Data and algorithms

Data is the most important ingredient for the success of deep learning. Due to the wide adoption of the internet and the growing use of smartphones, several companies, such as Facebook and Google, have been able to collect a lot of data in various formats, particularly text, images, videos, and audio. In the field of computer vision, ImageNet competitions have played a huge role in providing datasets of 1.4 million images in 1,000 categories.

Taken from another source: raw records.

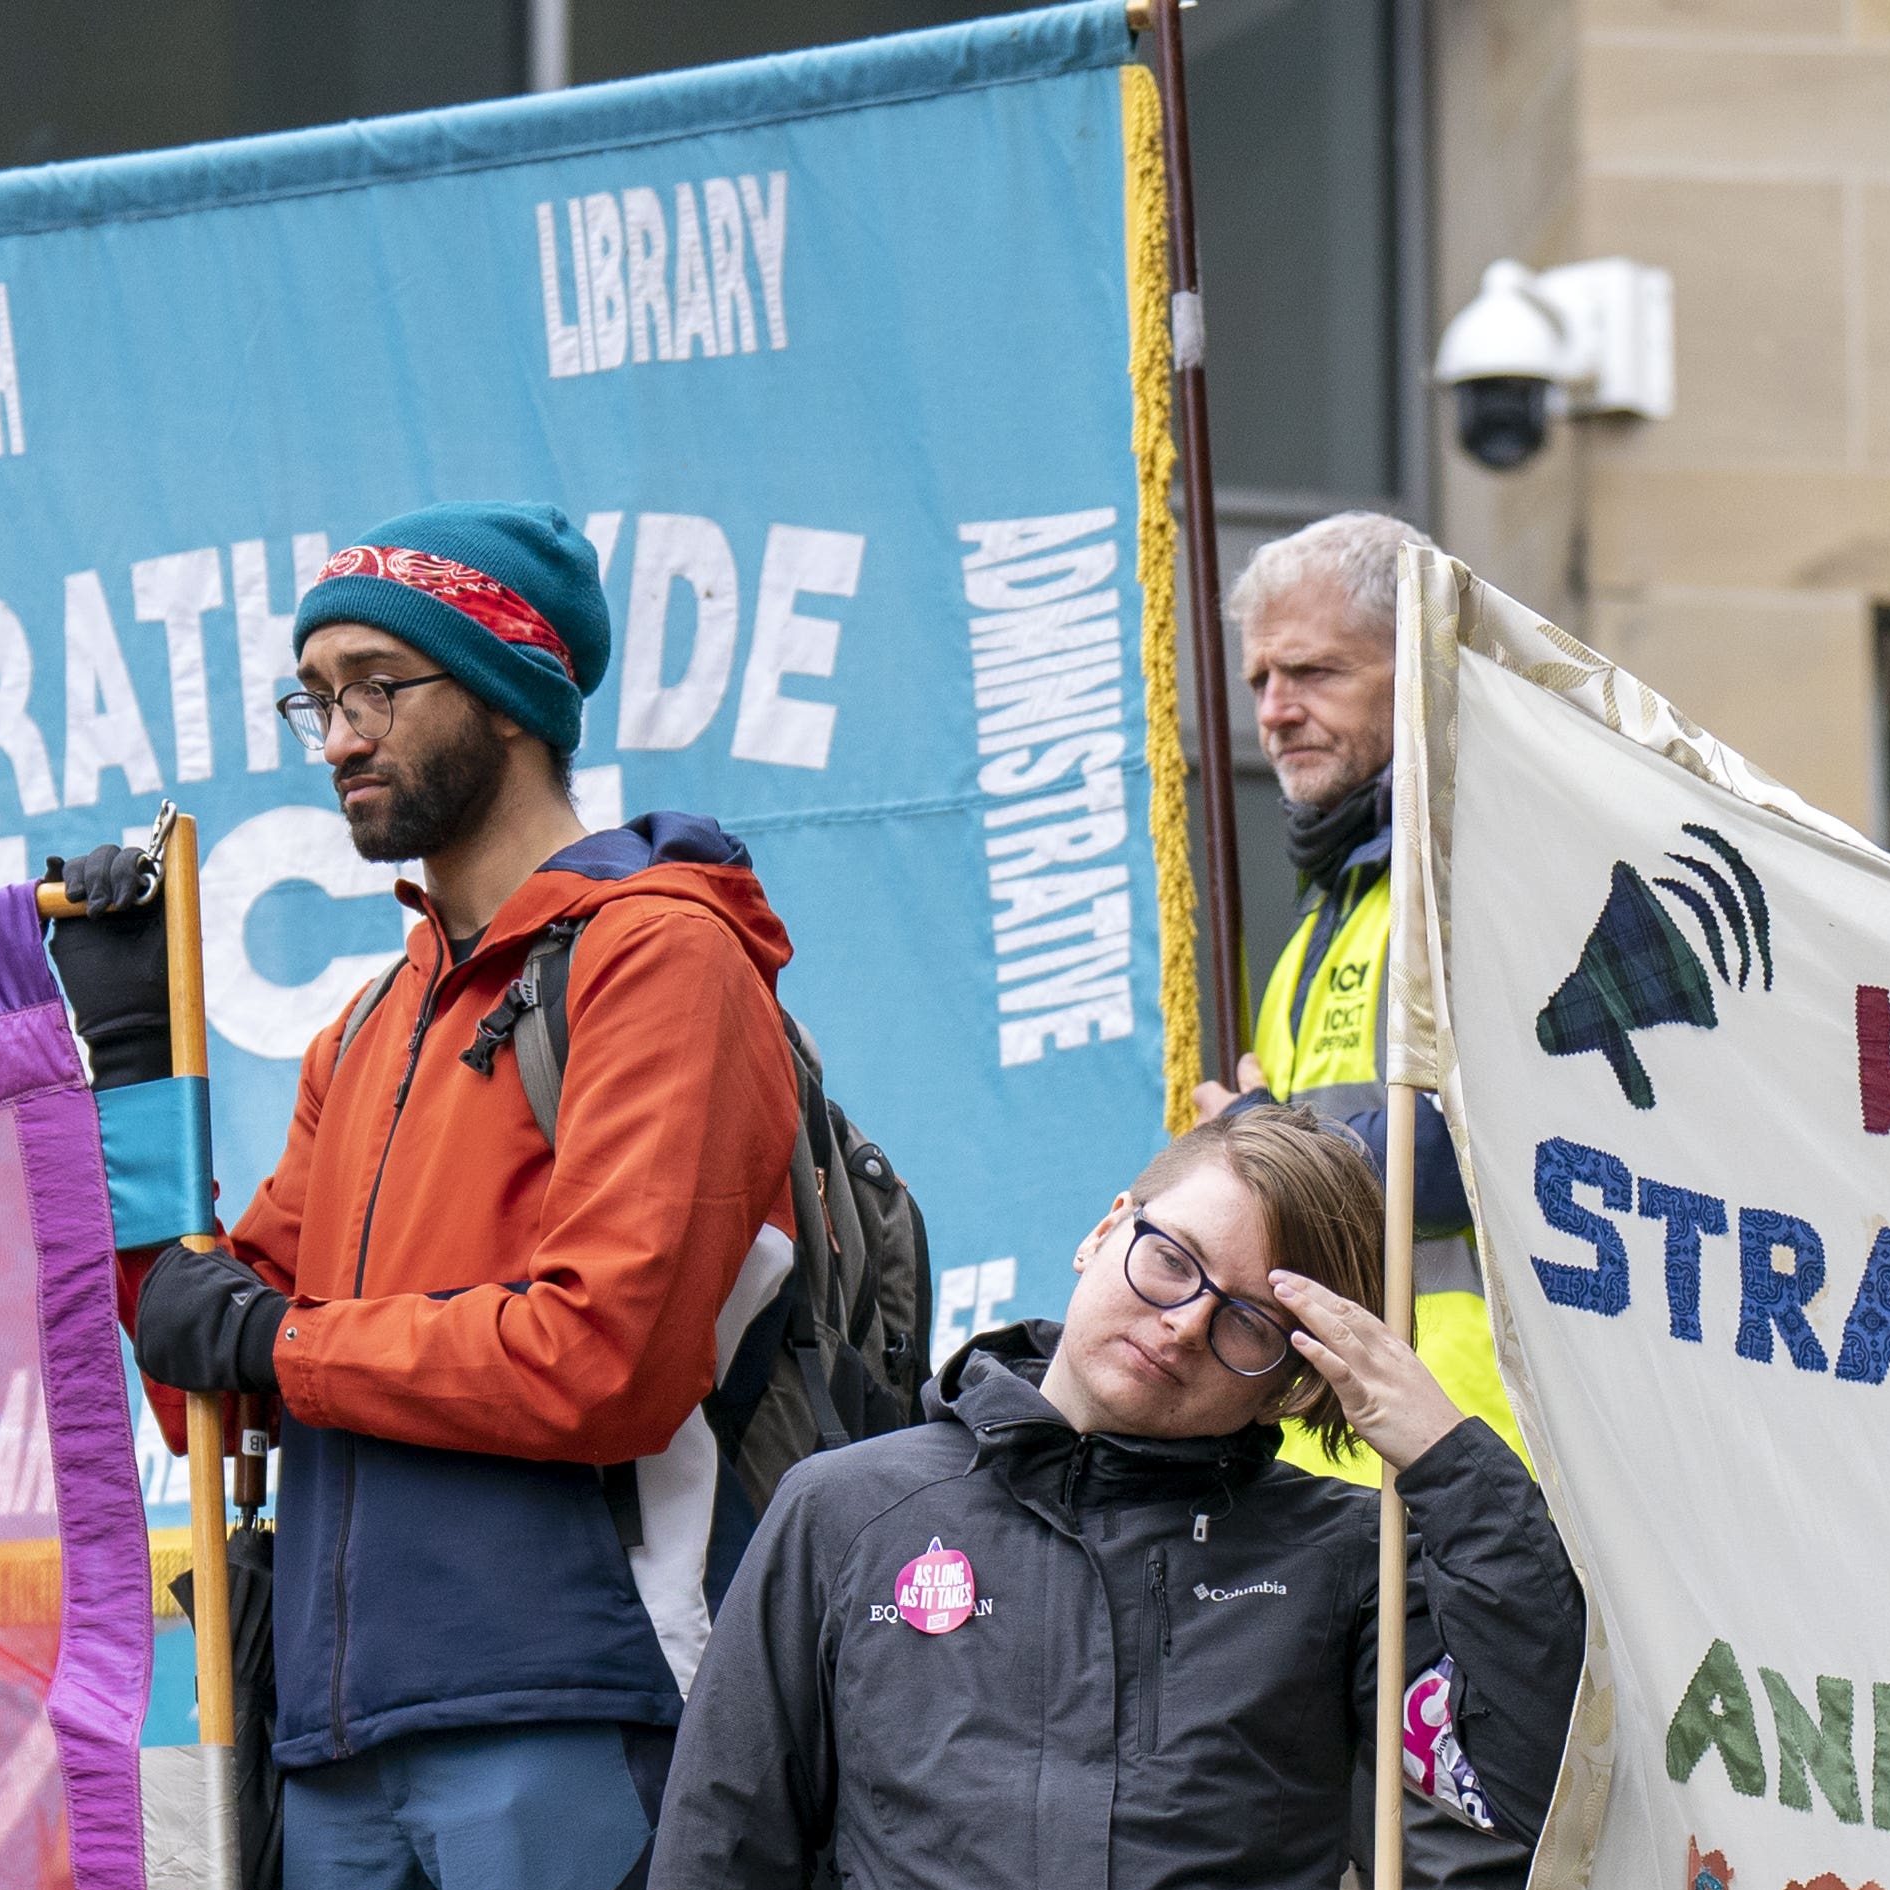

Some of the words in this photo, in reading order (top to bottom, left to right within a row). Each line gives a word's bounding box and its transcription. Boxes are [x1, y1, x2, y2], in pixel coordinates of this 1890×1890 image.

[536, 170, 788, 378] LIBRARY
[958, 507, 1134, 1068] ADMINISTRATIVE
[912, 1564, 932, 1587] AS
[934, 1561, 965, 1587] LONG
[899, 1584, 919, 1607] AS
[921, 1586, 935, 1610] IT
[937, 1582, 972, 1610] TAKES
[1210, 1580, 1288, 1601] Columbia

These categories are hand-annotated and every year hundreds of teams compete. Some of the algorithms that were successful in the competition are VGG, ResNet, Inception, DenseNet, and many more. These algorithms are used today in industries to solve various computer vision problems. Some of the other popular datasets that are often used in the deep learning space to benchmark various algorithms are as follows:

  • MNIST
  • COCO dataset
  • CIFAR
  • The Street View House Numbers
  • PASCAL VOC
  • Wikipedia dump
  • 20 Newsgroups
  • Penn Treebank
  • Kaggle 

The growth of different algorithms such as batch normalization, activation functions, skip connections, Long Short-Term Memory (LSTM), dropouts, and many more have made it possible in recent years to train very deep networks faster and more successfully. In the coming chapters of this book, we will get into the details of each technique and how they help in building better models.